Goose Creek takes the field on the opening night of the season on Aug. 24 at Goose Creek High School.
Despite an amazing winning season, an undefeated high school football team in South Carolina has been barred from its state playoffs over the eligibility of one of its players, a student with special needs.
A request for an injunction to reinstate the disputed player was denied by a federal judge on Wednesday afternoon, leaving the team's players and parents heartbroken.
On Wednesday morning, the attorney for Justice Roemello Rogers, an 18-year-old senior from Goose Creek High School, filed a federal lawsuit against the South Carolina High School League seeking to be reinstated under the Rehabilitation Act of 1973 that prevents discrimination against people with disabilities by public agencies, according to court papers.
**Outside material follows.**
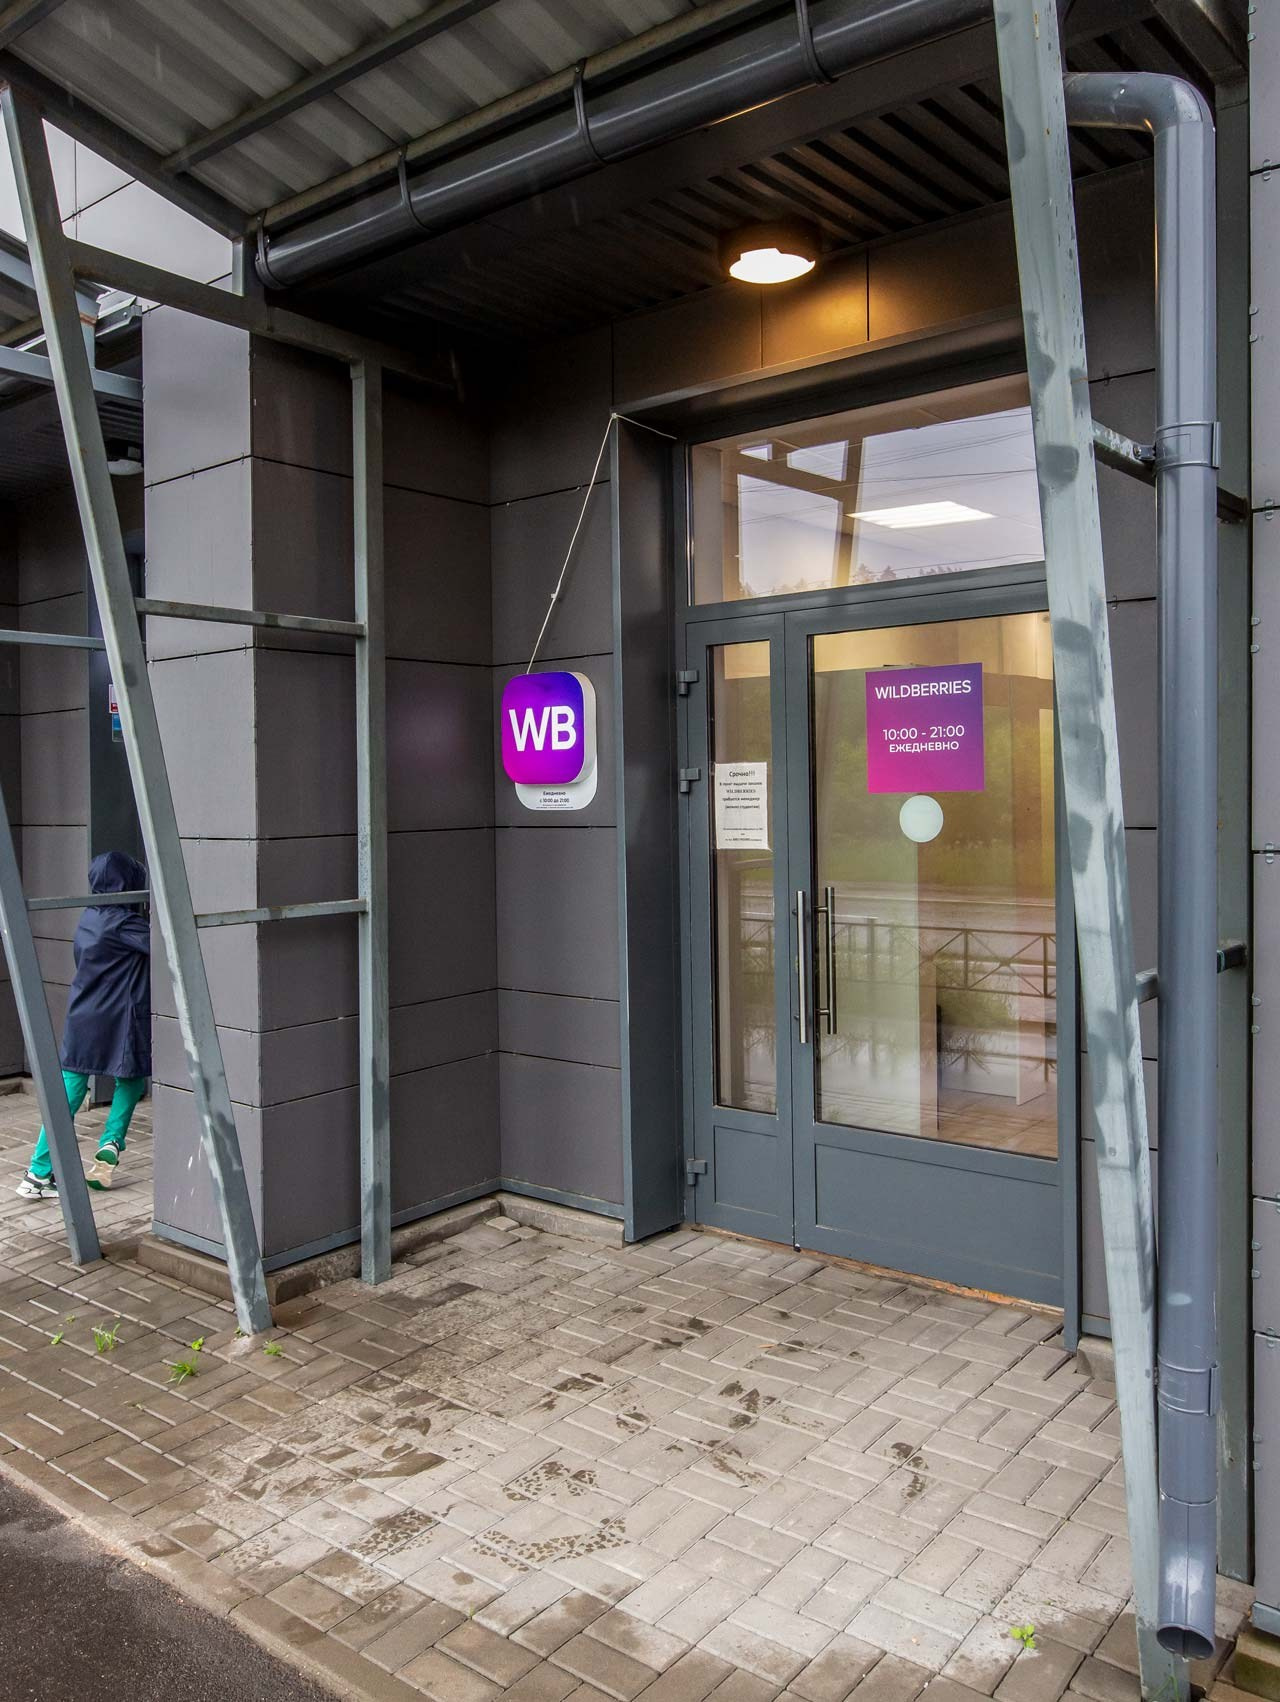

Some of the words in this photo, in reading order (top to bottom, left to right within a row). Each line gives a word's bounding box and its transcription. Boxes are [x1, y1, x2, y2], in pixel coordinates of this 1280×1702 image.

U.S. District Judge Court Weston C. Houck, declined to hear the case on Wednesday afternoon because the SCHSL had not been served with the lawsuit yet, according to a report by Charleston NBC affiliate WCBD-TV. The lawyer for Rogers, Jason Moss, told the Charleston Post & Gazette that he faxed the papers to the SCHSL but admitted the SCHSL was not officially served with the lawsuit.
A pair of state senators, Paul Campbell and Larry Grooms, were in attendance at the courthouse, and Grooms told WCBD that he was disappointed the appeal was thrown out on a technicality. Goose Creek, which was 13-0, had to forfeit 10 games in which the Rogers was dressed to play and was disqualified from the playoffs. Both senators promised changes to the SCHSL after the judge's ruling.
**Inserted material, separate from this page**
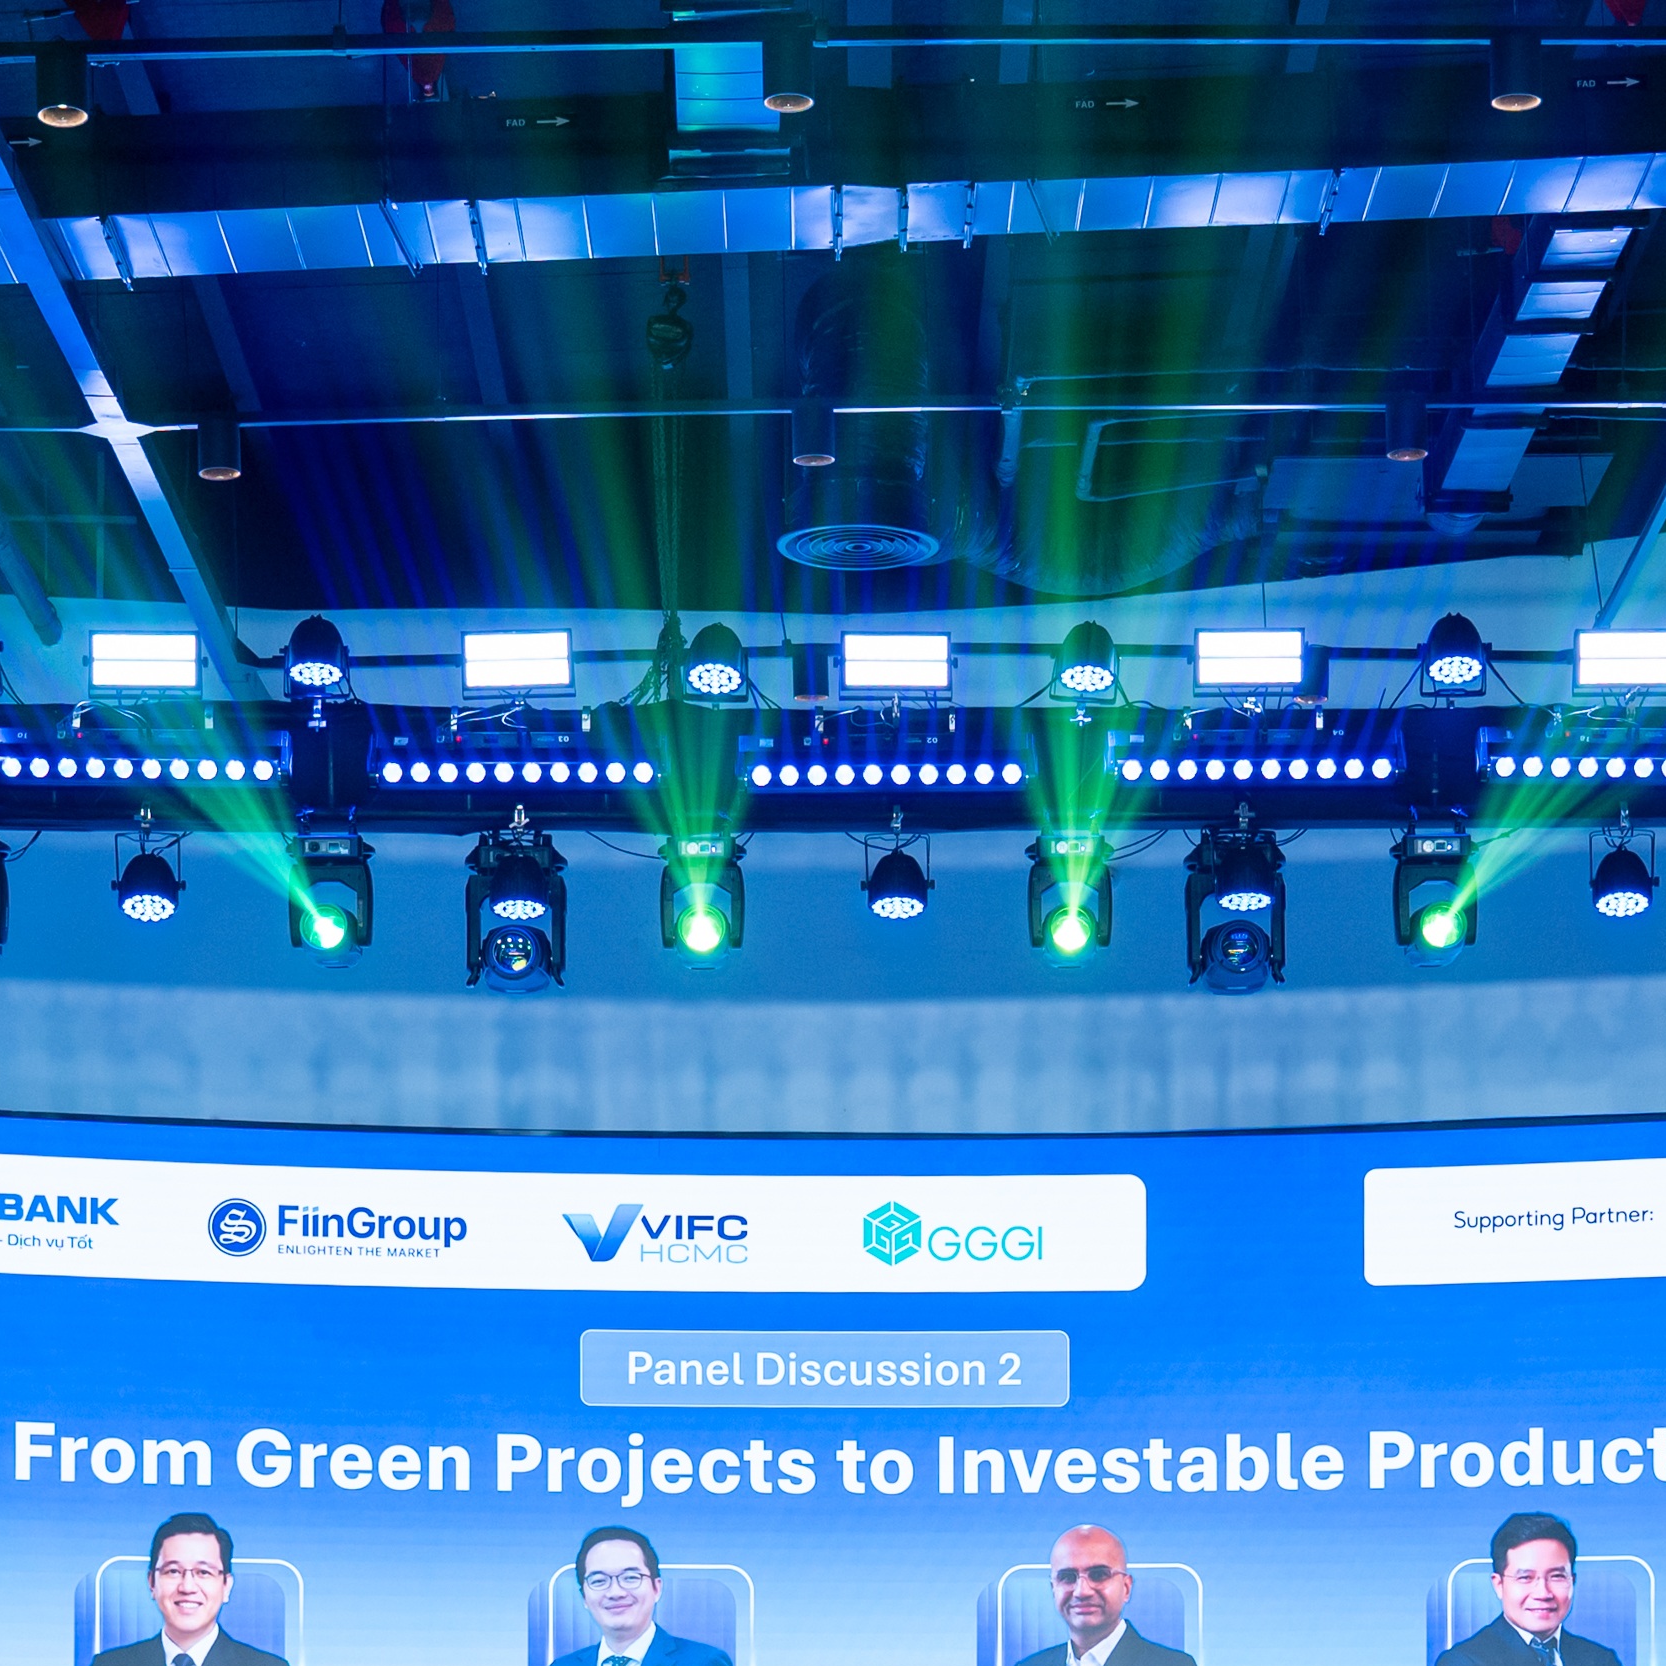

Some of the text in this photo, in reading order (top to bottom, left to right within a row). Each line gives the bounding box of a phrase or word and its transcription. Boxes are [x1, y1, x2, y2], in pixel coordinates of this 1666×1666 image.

"There will be a bill pre-filed to revoke the charter of the High School League,” Grooms told reporters outside the courthouse in Charleston.
“The High School League has made a huge mistake,” Campbell said.
The lawsuit claims that by its ineligibility ruling of the fifth-year senior, a foster child who has attended six schools, the SCHSL has shown “disregard to federally mandated rules created by Congress relating to student athletes with disabilities.” Rogers appeared in five games for a total of 17 plays, and is a special needs student with a learning disability who “had to receive direct supervision from the coaching staff on where to stand and on what to do for every play,” according to the lawsuit.
“His physical and cognitive abilities prevented him from playing in games for most of the season,’’ the complaint reads. “He was a proud contributor to every game whether on the field or not. He inspired other players and was committed to the fellowship of the team.’’
Goose Creek , which has been ranked as high as No. 11 in the nation and is a defending state champion, was disqualified from the playoffs on Monday by the SCHSL. The SCHSL executive committee upheld a ruling from a week earlier by commissioner Jerome Singleton that Rogers was ineligible because the committee determined this to be his fifth year of high school, one year more than the maximum of four years allowed by rule.
The decision left the team devastated after a potential unbeaten season was derailed.
"We were hoping for mercy for the children,” school principal Jimmy Huskey told the Charleston Post & Courier after the initial eligibility ruling on Monday. “It was about a school that reported itself, and I felt we got the death penalty for being honest. We were shocked and saddened.”
“Now, I have to go home and hear my son cry his eyes out because he will never play a high school game again,” Tanya Segar-Davis, the mother of defensive end Jalen Stevens, told the Post & Courier.
The lawsuit states that Huskey and head football coach Chuck Reedy reviewed his transcript at the time he transferred before this academic school year and believed he had only been in high school for three years and was now a senior. After Huskey later found that Rogers appeared to have been in high school for four years prior to coming to Goose Creek, he reported it to the SCHSL, which declared Rogers ineligible and ordered Goose Creek to forfeit 10 games.
However, school officials learned that Rogers was incarcerated at a youth facility in 2008 and not attending Woodmont High School, according to a report by the Post & Courier. They argued that any classes he took at the youth facility should not count toward eligibility, and also that he did not have enough credit hours to be considered a senior at the end of the 2011-12 academic year last.
Rogers was initially ruled ineligible on Nov. 13, disqualifying Goose Creek from the playoffs, but on Nov. 16, a judge granted a temporary restraining order that allowed the team to participate in its playoff game that night. The Gators beat Bluffton 35-25 to advance, but now Bluffton will go on to the next round in their place after the latest ruling.